Given the history of cases and the increasing pressure that seems to be on the DoH about how it works you get the sense that the government understands that it’s a pretty rough and ready system, if you end up in the system, but it’s the best solution available and at the end of the day, its working, so let’s not change it. There’s some merit in not changing something that the government actually might have working, but is it really working when:

  • the lives of doctors caught in the system are unfairly ruined or significantly disrupted unfairly
  • the “the rule of law” which the government is so fond of spruiking everywhere for political advantage is simply ignored in the case of the PSR process
  • the system as it stands is unaccountable , works on a “guilty until proven innocent” principle , denies doctors access to “due legal process” to defend themselves, preys on the weak (single doctors, often marginalised ones such as IMGs), and is largely non-reviewable
  • the system relies on “fear” to keep doctors in check which is likely creating significant workplace issues across medical practices around the country
  • the system is a government billing agency attempting to dictate “clinical management” with a view to saving money, not lives, which is likely warping clinical practice across the country in bad ways
  • the system discourages a healthy patient-doctor patient relationship by retarding the doctor’s ability to care and innovate in the way they might think best and safest for their patient?

With so many factors aligned against the PSR and how it works, why does the government expend an inordinate amount of money and time acting as a non model litigant (the government is mandated to act as a model litigant) in trying to prevent someone like Dr Karmakar from proving their case? We understand the tactics to keep Dr Karmakar from progressing through her case have been particularly technical and dirty. Apparently the government will stoop to any legal argument no matter how banal or technical, that has the effect of preventing Dr Karmakar’s allegations being found true.

Principles and ethics are not in play here, as is often the case in high stakes precedent cases of law.

The most likely reason is that this case has now gone so far and become so high profile that the the potential ramifications of any precedent that the case is likely to set are ghastly for some in power. If Dr Karmakar wins she would be proving a major government department was denying access to “due legal process”. The case even has ramifications for freedom of speech.

You suspect that the DoH has persisted in holding its ground all these years because for at least the last 10 years a little persistence has brought about good returns. No one has been prepared to risk their their savings, sanity and reputation to point out that while there has to be a policeman of sorts to govern and promote sensible and meaningful Medicare billing, the PSR process of governance has been one of control through fear created by an unquestionably unfair process.

The DoH probably should have started stepping back from the this position some years ago.

But it hasn’t, and if Dr Karmakar wins on any aspects of “due and fair process” in the judgement, the ruling may well end up forming a precedent the public can start to use to challenge the undisputed champions of reversing the concept of “due process” – the Australian Tax Office.

This is almost certainly why the government is now panicking and throwing money at the case.
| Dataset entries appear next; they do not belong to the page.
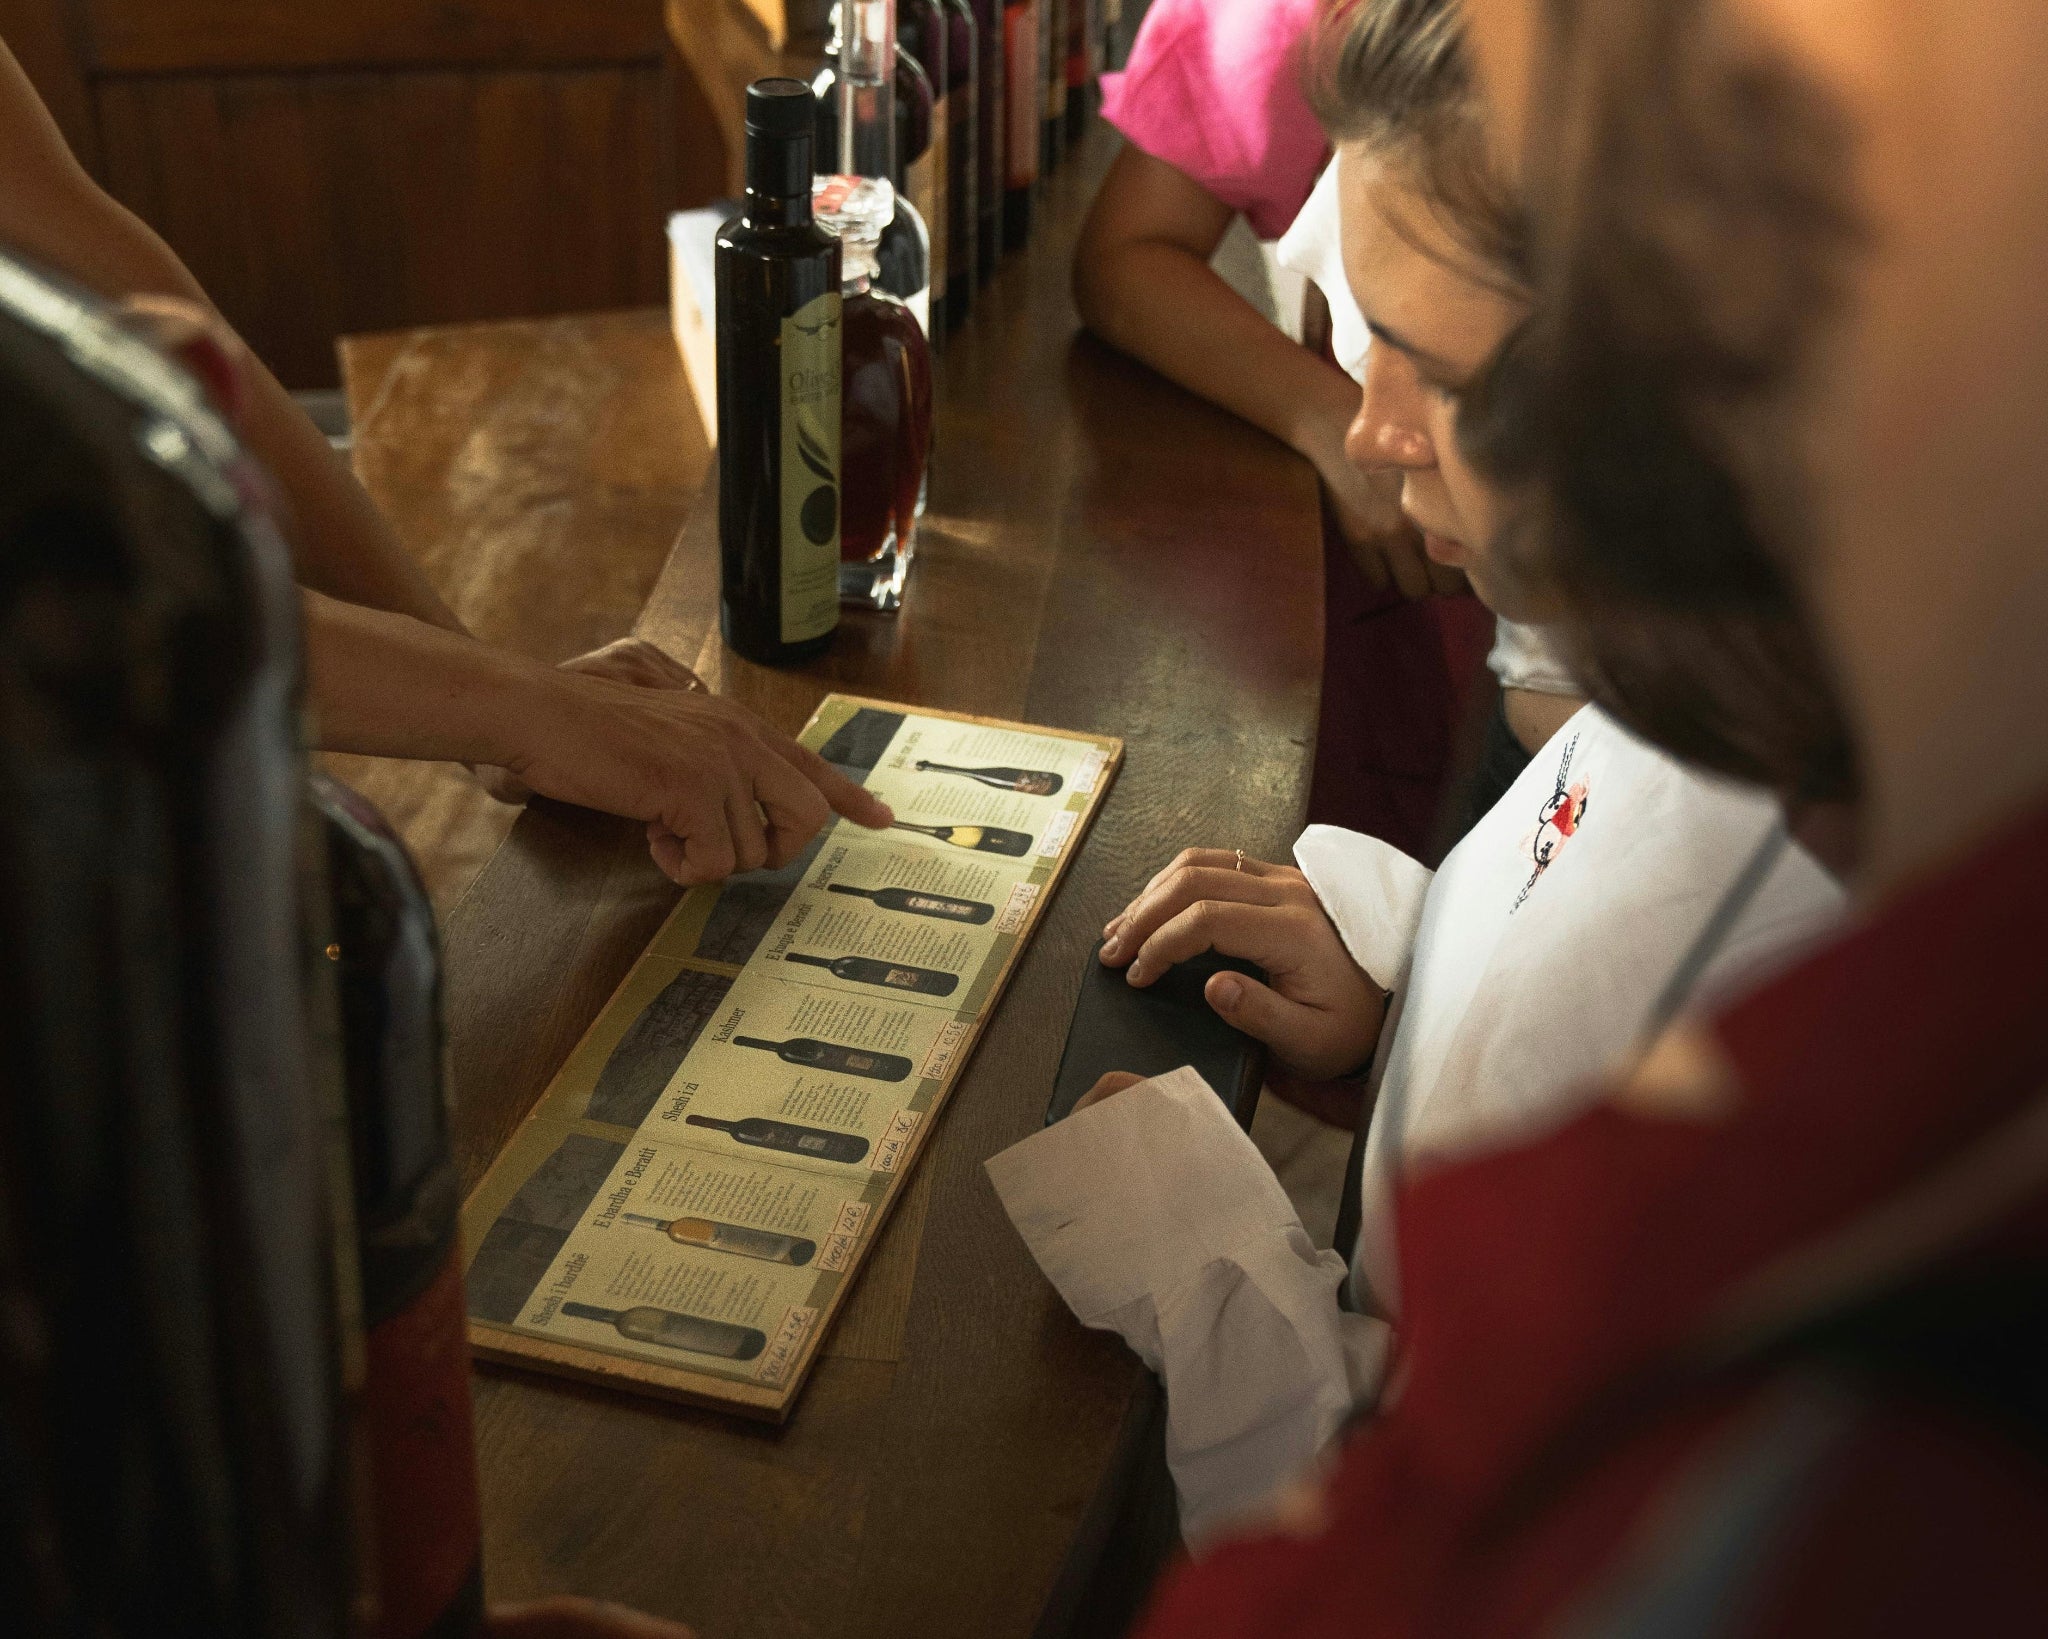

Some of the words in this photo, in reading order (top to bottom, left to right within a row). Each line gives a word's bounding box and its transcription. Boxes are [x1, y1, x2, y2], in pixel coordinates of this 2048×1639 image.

[765, 953, 781, 961] E
[711, 1007, 746, 1043] Kashmer
[661, 1096, 691, 1122] Shesh
[682, 1081, 700, 1091] zi
[624, 1147, 658, 1178] Beratit
[596, 1187, 633, 1220] bardha
[592, 1219, 612, 1229] E
[530, 1295, 563, 1326] Shesh
[553, 1252, 590, 1288] bardhë
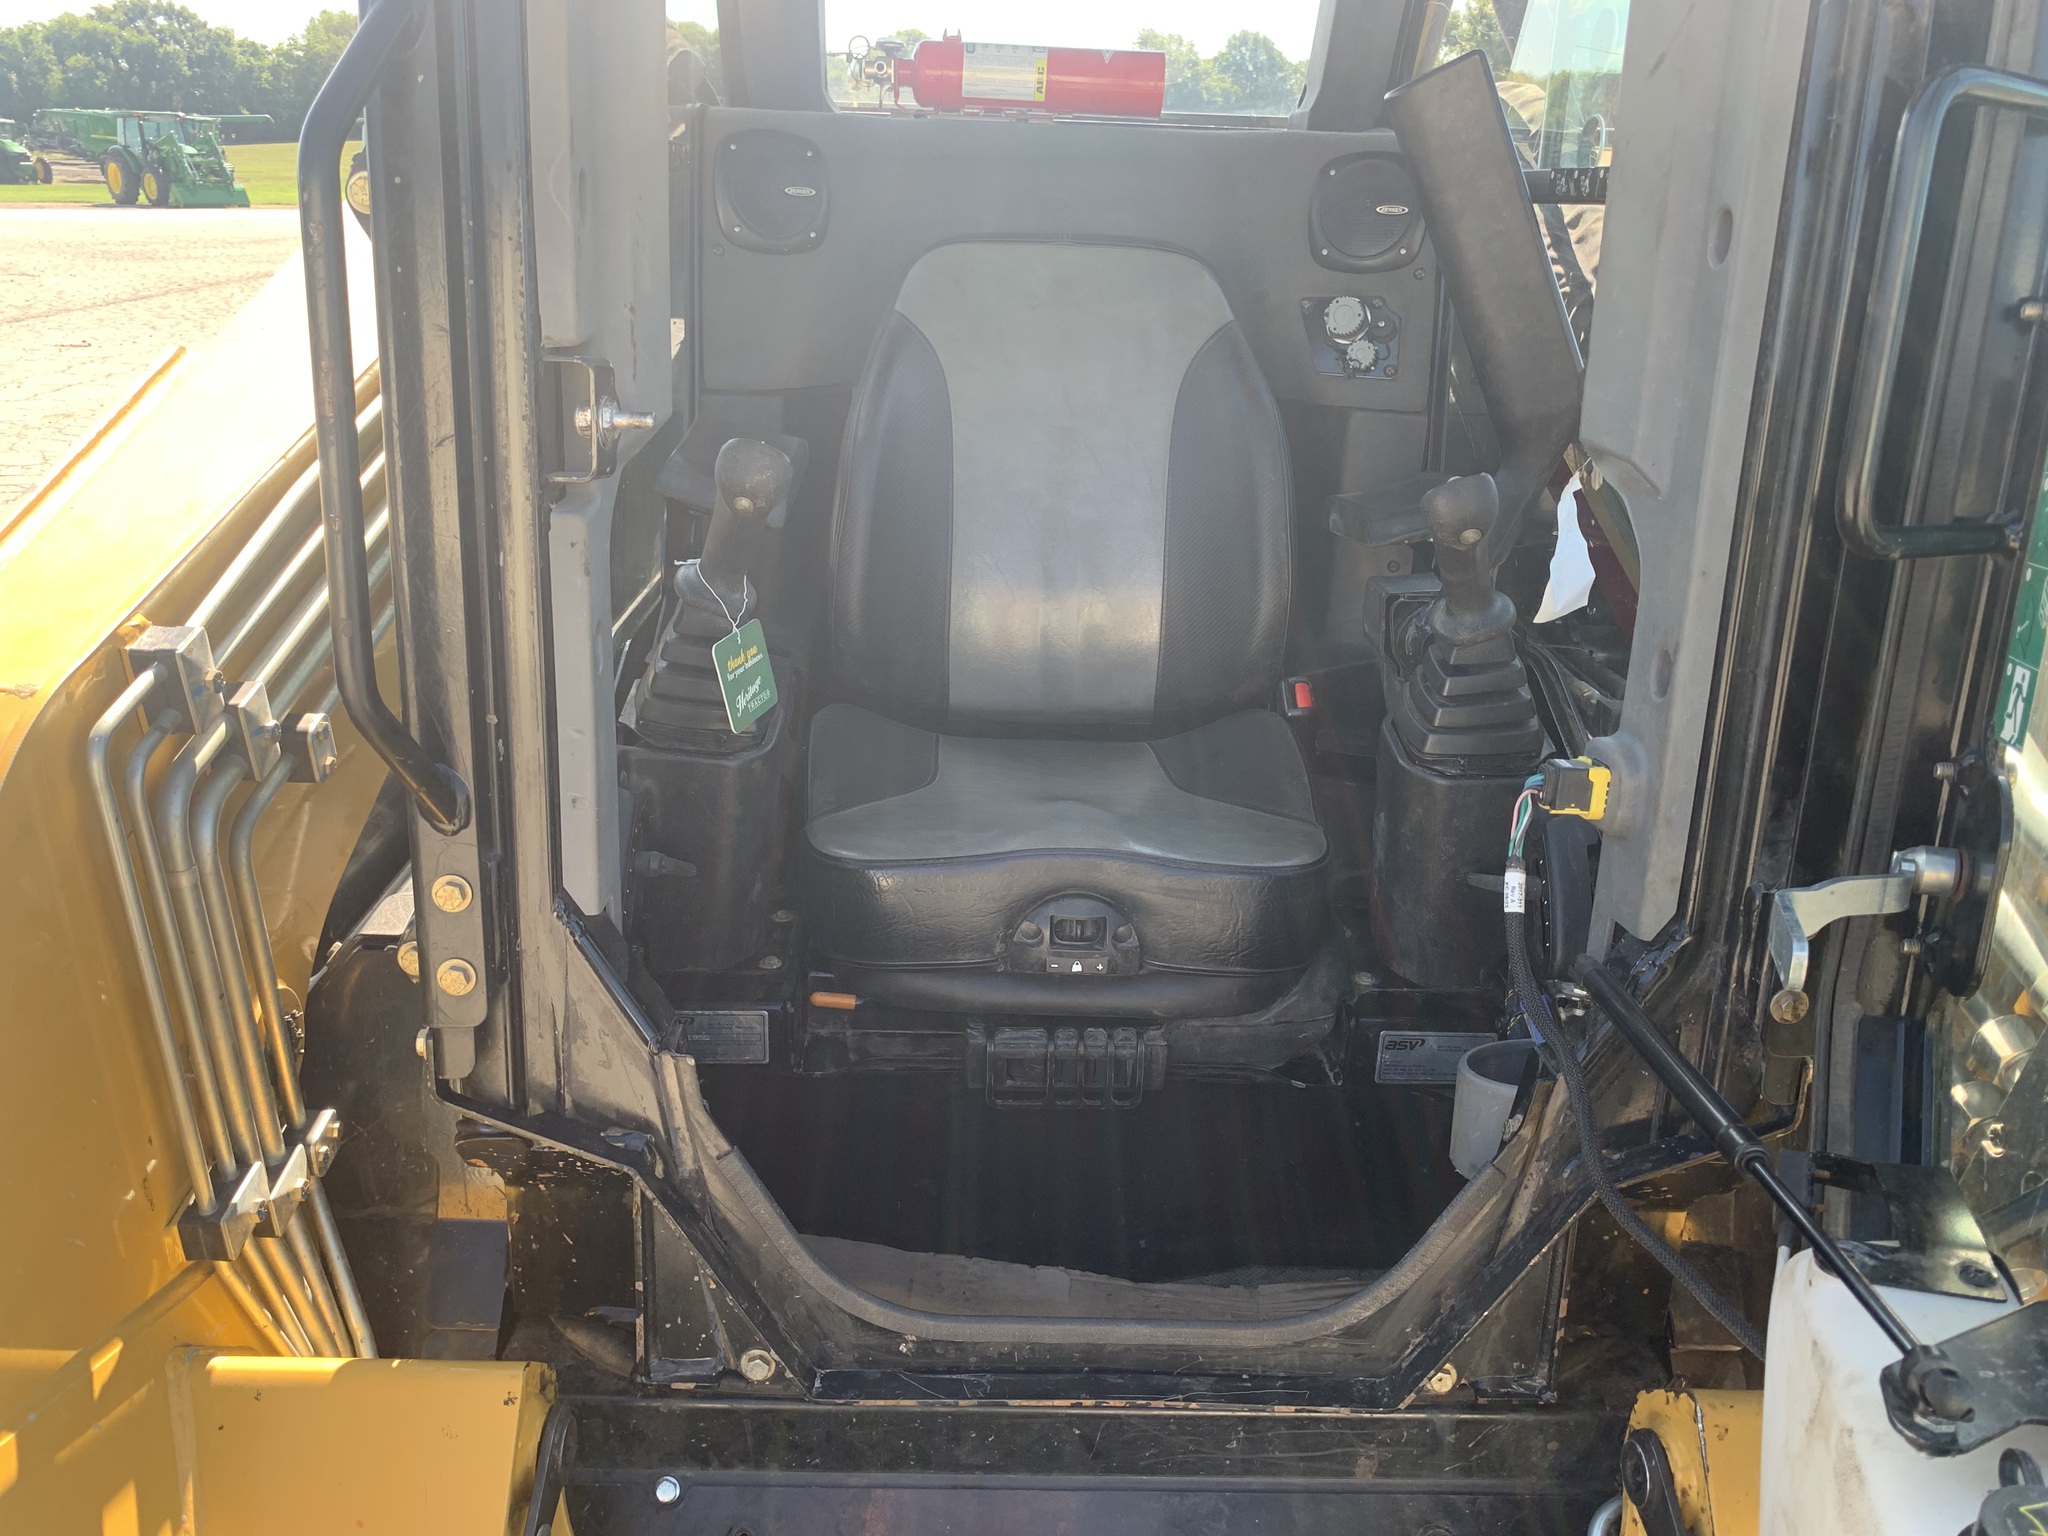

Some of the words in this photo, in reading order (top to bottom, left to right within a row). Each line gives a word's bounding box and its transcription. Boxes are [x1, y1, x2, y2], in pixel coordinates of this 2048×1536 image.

[728, 648, 745, 672] thank
[746, 645, 758, 660] you
[735, 665, 745, 679] your
[744, 653, 763, 669] business
[736, 676, 761, 717] Heritage
[747, 689, 771, 711] TRACTOR
If the PSR process, which has all the elements of how the ATO will often rule on tax constructions, and which has a lot of Robodebt in it (fear, retribution and no easy redress for parties least able to defend themselves), is found to be systemically unfair (which it is) then we might have a precedent that is applicable across other all government agencies, including the ATO.

And won’t that create some genuine panic for everyone in government.